Clean hydrogen is a carbon-free energy source that emits no CO2 when burned. Its low geographical limits and enormous storage capacity make it a promising next-generation energy source.

Deloitte’s March hydrogen economics analysis estimated the worldwide hydrogen supply at 90 million tonnes in 2021. 99% of this is grey hydrogen, which emits carbon during creation. Clean hydrogen generation is still negligible.

As an early market, the country that secures stable production capacity first may acquire energy hegemony. The US, Germany, Japan, Australia, and China are exploring hydrogen economy strategies for this reason. Since 2019, Korea has pursued the hydrogen market with a hydrogen economy strategy and a 2021 hydrogen law amendment. Korea, an energy-intensive nation that imports energy, has high hydrogen production ambitions.
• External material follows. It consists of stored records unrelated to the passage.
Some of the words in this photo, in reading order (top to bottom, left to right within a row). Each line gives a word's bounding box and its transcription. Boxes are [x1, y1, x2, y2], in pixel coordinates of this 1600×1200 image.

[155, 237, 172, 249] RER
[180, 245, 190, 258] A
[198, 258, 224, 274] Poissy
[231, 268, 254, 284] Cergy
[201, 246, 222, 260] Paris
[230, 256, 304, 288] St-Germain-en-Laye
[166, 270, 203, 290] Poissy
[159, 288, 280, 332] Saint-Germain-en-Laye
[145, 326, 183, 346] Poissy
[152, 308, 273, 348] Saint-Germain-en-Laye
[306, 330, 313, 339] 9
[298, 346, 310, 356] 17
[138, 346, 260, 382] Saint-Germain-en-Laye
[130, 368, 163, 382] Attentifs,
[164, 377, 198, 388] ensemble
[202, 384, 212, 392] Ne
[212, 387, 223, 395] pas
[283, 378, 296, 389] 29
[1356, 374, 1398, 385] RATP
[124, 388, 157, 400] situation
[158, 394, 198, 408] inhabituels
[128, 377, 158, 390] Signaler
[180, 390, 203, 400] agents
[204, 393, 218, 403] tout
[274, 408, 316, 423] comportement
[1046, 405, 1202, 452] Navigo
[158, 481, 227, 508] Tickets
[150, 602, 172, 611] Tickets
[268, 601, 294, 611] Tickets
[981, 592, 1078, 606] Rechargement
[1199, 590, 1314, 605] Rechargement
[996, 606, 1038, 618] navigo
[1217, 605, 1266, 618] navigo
The Clean Hydrogen Power Generation Required System underpins the hydrogen law adopted last year (CHPS). It forces power providers to buy hydrogen-powered electricity at a specific rate or greater to separate and operate hydrogen in the Renewable Energy Supply Required System (RPS). Hydrogen fuel cells create most hydrogen electricity in Korea. Unlike other renewable energies, when combined with the RPS, fuel cost volatility created operators problems. To revive the hydrogen economy, the government will open the first hydrogen power generation bidding market in the first half of this year.
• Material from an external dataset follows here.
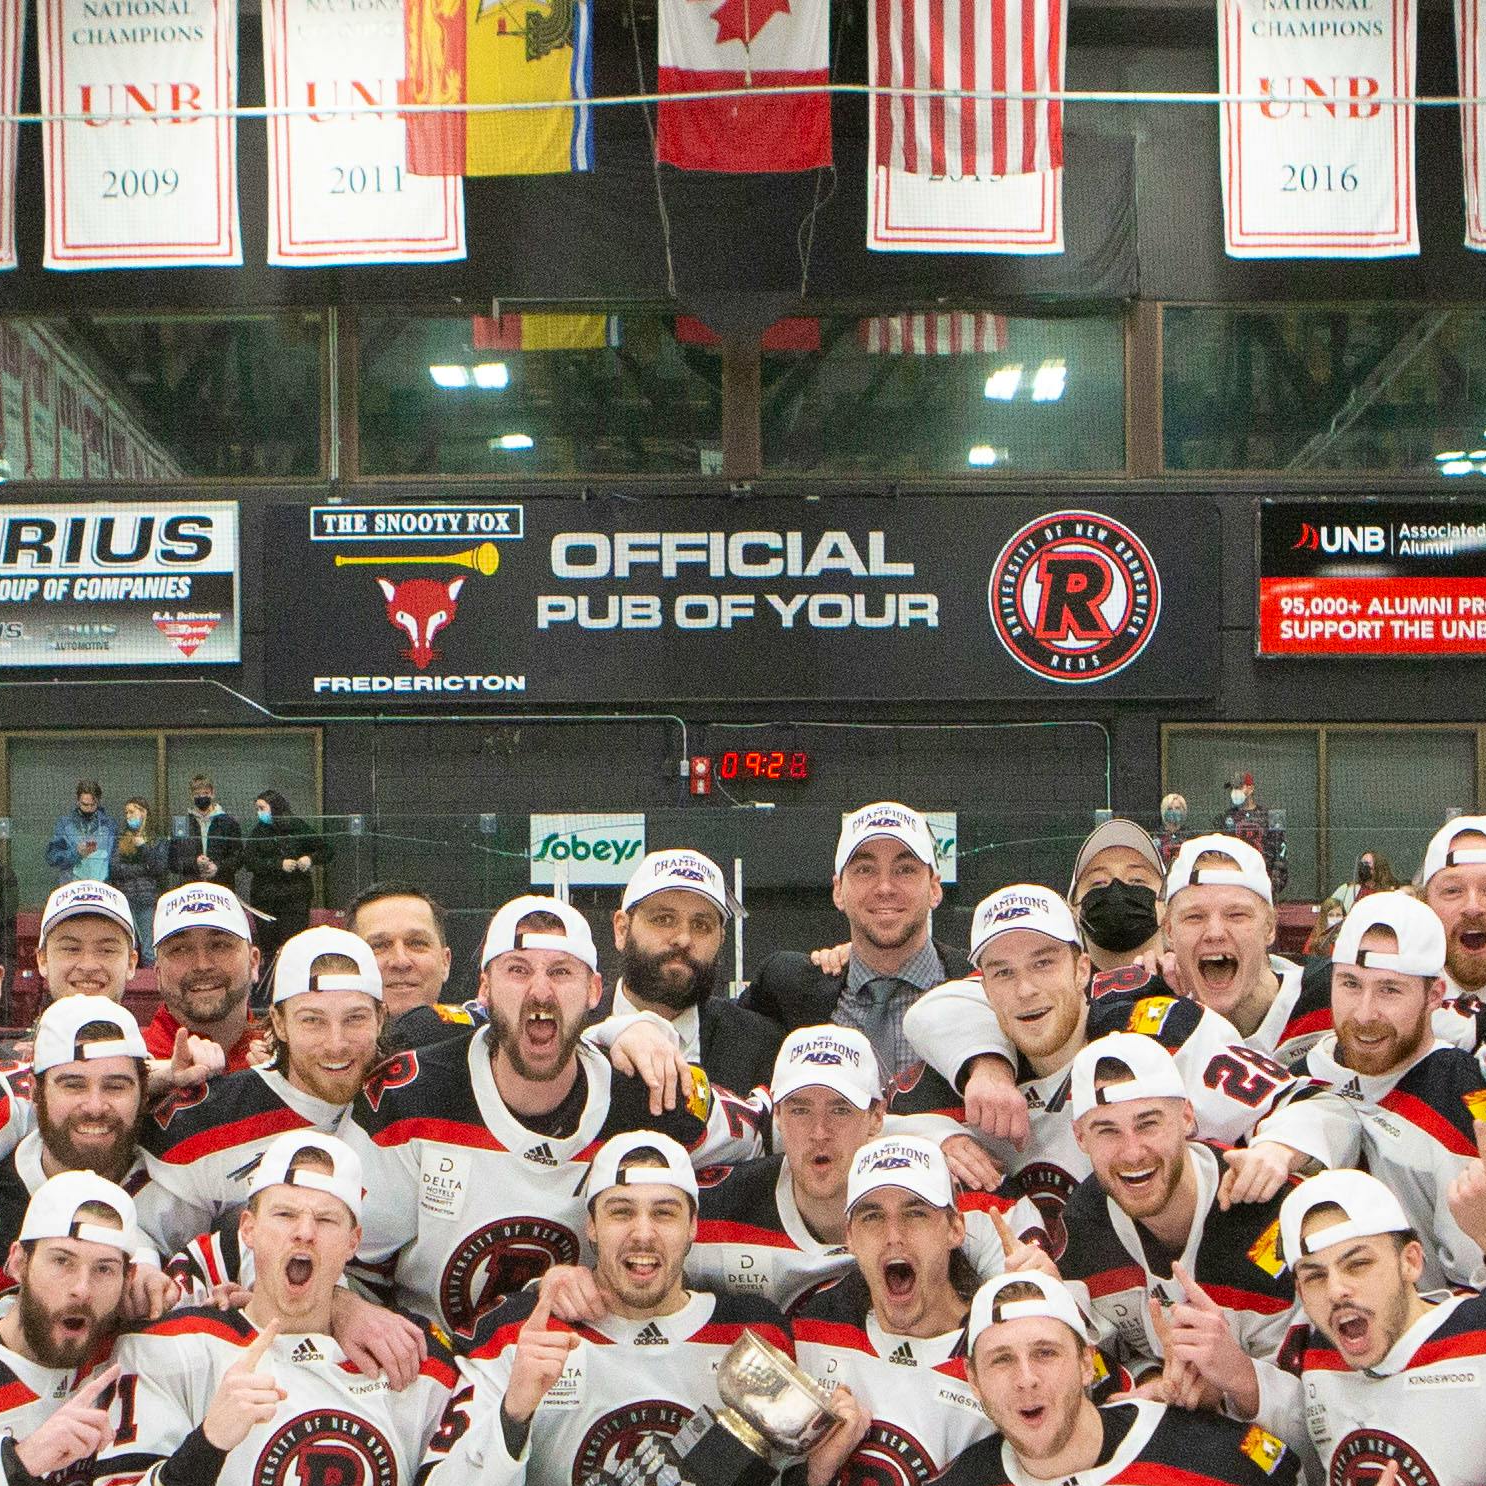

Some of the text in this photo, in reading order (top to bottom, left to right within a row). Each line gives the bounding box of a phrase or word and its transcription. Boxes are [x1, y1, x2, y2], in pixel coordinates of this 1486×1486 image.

After stabilisation, the bidding market opens once a year. It aims to manage the general hydrogen power generation market and the clean hydrogen market separately since clean hydrogen production is inactive. Considering dispersed power supply and clean hydrogen supply, it expects to gradually diminish the general hydrogen power generation market. Reformed hydrogen from LNG decomposition at high temperature and pressure is normal hydrogen.
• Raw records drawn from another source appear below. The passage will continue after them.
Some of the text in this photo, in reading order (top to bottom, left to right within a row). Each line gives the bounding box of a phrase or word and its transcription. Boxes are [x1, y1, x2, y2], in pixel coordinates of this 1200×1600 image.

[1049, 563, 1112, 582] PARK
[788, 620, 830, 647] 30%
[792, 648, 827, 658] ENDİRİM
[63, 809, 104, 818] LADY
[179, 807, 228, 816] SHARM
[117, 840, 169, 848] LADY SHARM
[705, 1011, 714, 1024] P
The standard hydrogen contract lasts 20 years and the clean hydrogen contract 10 years for stability. Since the contract is long, the minimal conditions for operators to bid have been raised. Market players are non-registered RPS operators in both markets and must meet financial requirements such corporate credit rating BBB-, instantaneous voltage maintenance performance at a specific level, and reactive power supply capability performance.

The clean hydrogen market and general hydrogen market operate similarly, but the winning bidder is selected differently. For price considerations, ratings will be based on bidding participants’ prices, and for non-price aspects, a separate assessment committee will evaluate each item quantitatively and qualitatively. 60% and 40% are non-price considerations.

Non-price considerations will matter

Non-price criteria include resident acceptability, project progress, industrial and economic contribution, project reliability, environmental contribution, generator performance, transmission and distribution linkage, and general and system evaluation.

In the general hydrogen market, when a business operator submits a bid price by dividing fixed expenses and fuel prices, related indicators are adjusted and settled to reduce external fuel cost risks. The contract price is then paid via difference settlement (CfD). The winning offer price settles if the contract volume is the same. use it Insufficient contract volume prevents fixed cost recovery.

FIP generates hydrogen in the clean hydrogen market. The difference between the existing generator’s power generating cost, the fresh input cost, and the SMP is subsidised. It bids at an integrated price without distinguishing fixed and variable expenses, unlike the hydrogen market.

The Korea Power Exchange’s March 28 ‘Hydrogen Power Generation Bidding Market System Briefing’ addressed bidding volume and competitive structure. General hydrogen power generation tendering will take place in 2025, and the estimated opening volume from 2025 to 2027 is 1.3TWh (200MW of plant capacity). The 2024 clean hydrogen power generation bidding market will generate 3.5TWh in 2027 and 3.0TWh in 2028. KEPCO will buy the entire first hydrogen power facility (for 2025, 1.3 TWh). Industry estimates put the government-approved fuel cell facility power generation capacity at 7GW, much above 200MW. This raises fears that the market cannot absorb the power generation.

Clean hydrogen is mostly sourced from abroad, raising concerns about fair competition. “We will also analyse how much local technology has contributed to the industry with non-price factors,” said a Korea Power Exchange official. He said, “If marketplaces are divided, competition may not be activated, thus we analyse them in the same market.”